* **Saved entries**:
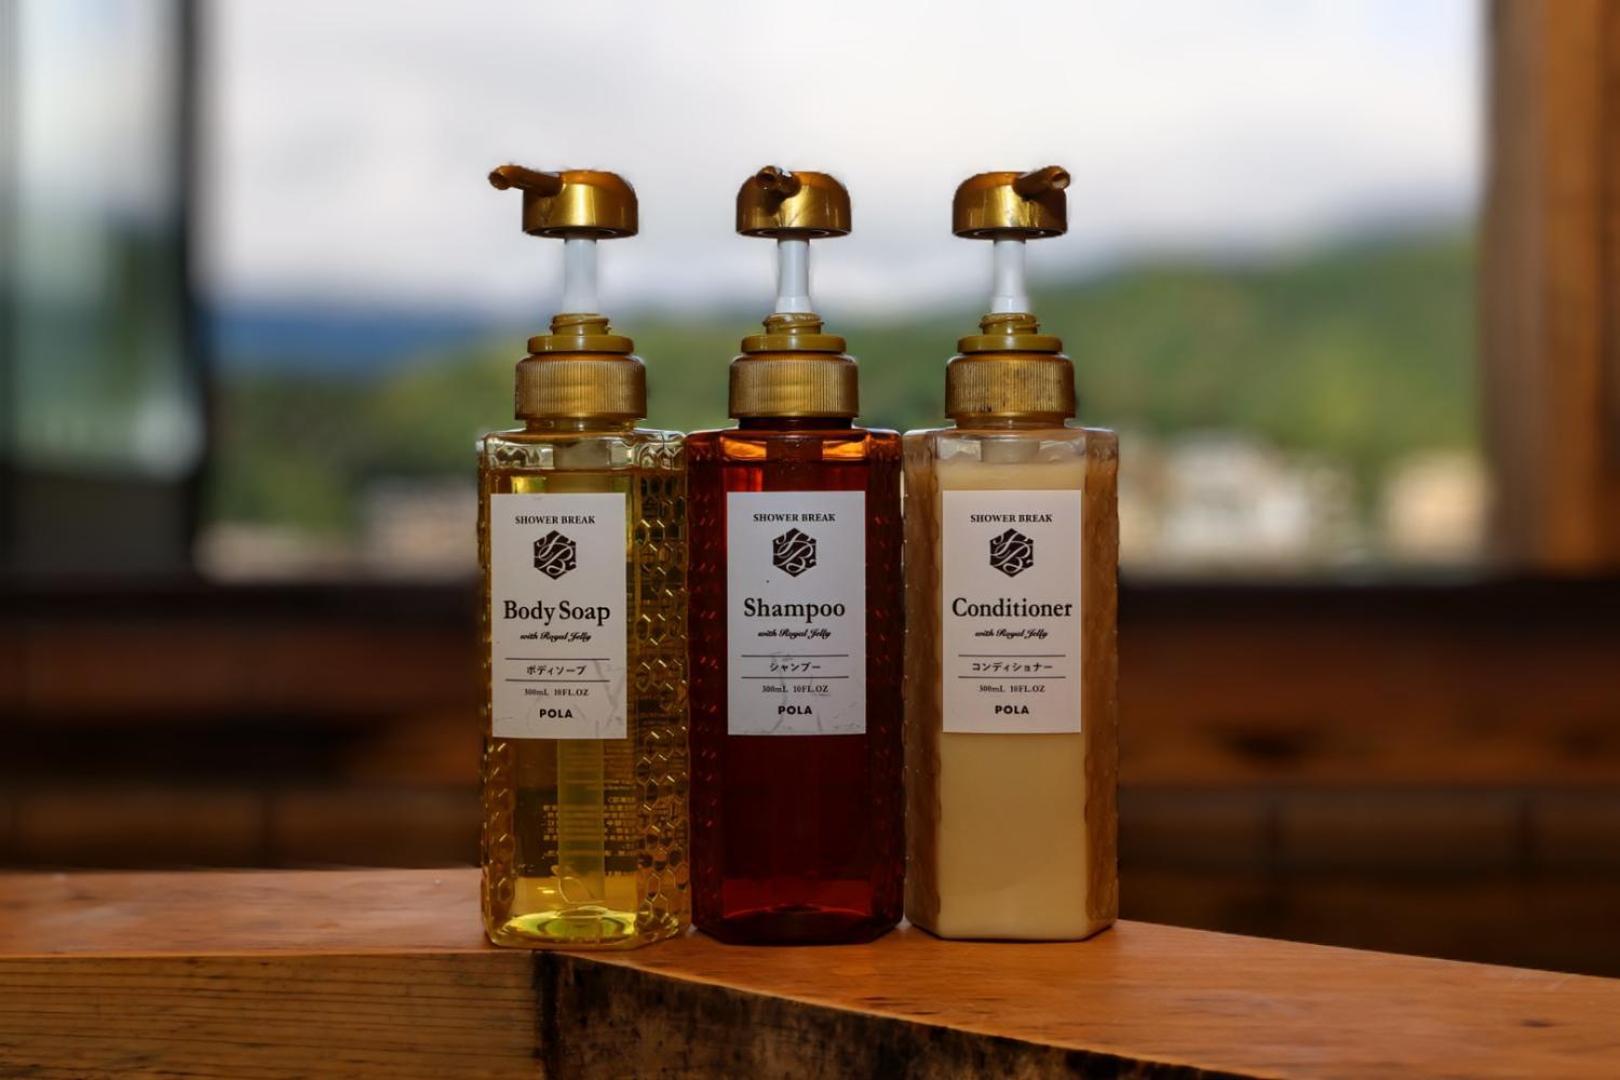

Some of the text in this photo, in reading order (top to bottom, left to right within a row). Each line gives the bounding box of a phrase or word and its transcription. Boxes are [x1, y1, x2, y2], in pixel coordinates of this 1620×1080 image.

[515, 515, 596, 525] SHOWER BREAK
[753, 513, 836, 523] SHOWER BREAK
[970, 513, 1053, 523] SHOWER BREAK
[743, 597, 846, 624] Shampoo
[951, 597, 1073, 618] Conditioner
[503, 600, 611, 627] Body Soap
[520, 632, 592, 643] with Royal Jelly
[757, 629, 832, 640] with Royal Jelly
[974, 629, 1049, 640] with Royal Jelly
[526, 665, 587, 676] ボディソープ
[769, 661, 821, 672] シャンプー
[970, 661, 1053, 673] コンディショナー
[539, 708, 574, 719] POLA
[778, 705, 813, 716] POLA
[994, 704, 1030, 715] POLA

* **Required action**:
Send back the data above verbatim, leaving out its pictures.

* **Response area**:
Some of the text in this photo, in reading order (top to bottom, left to right within a row). Each line gives the bounding box of a phrase or word and its transcription. Boxes are [x1, y1, x2, y2], in pixel coordinates of this 1620×1080 image.

[515, 515, 596, 525] SHOWER BREAK
[753, 513, 836, 523] SHOWER BREAK
[970, 513, 1053, 523] SHOWER BREAK
[743, 597, 846, 624] Shampoo
[951, 597, 1073, 618] Conditioner
[503, 600, 611, 627] Body Soap
[520, 632, 592, 643] with Royal Jelly
[757, 629, 832, 640] with Royal Jelly
[974, 629, 1049, 640] with Royal Jelly
[526, 665, 587, 676] ボディソープ
[769, 661, 821, 672] シャンプー
[970, 661, 1053, 673] コンディショナー
[539, 708, 574, 719] POLA
[778, 705, 813, 716] POLA
[994, 704, 1030, 715] POLA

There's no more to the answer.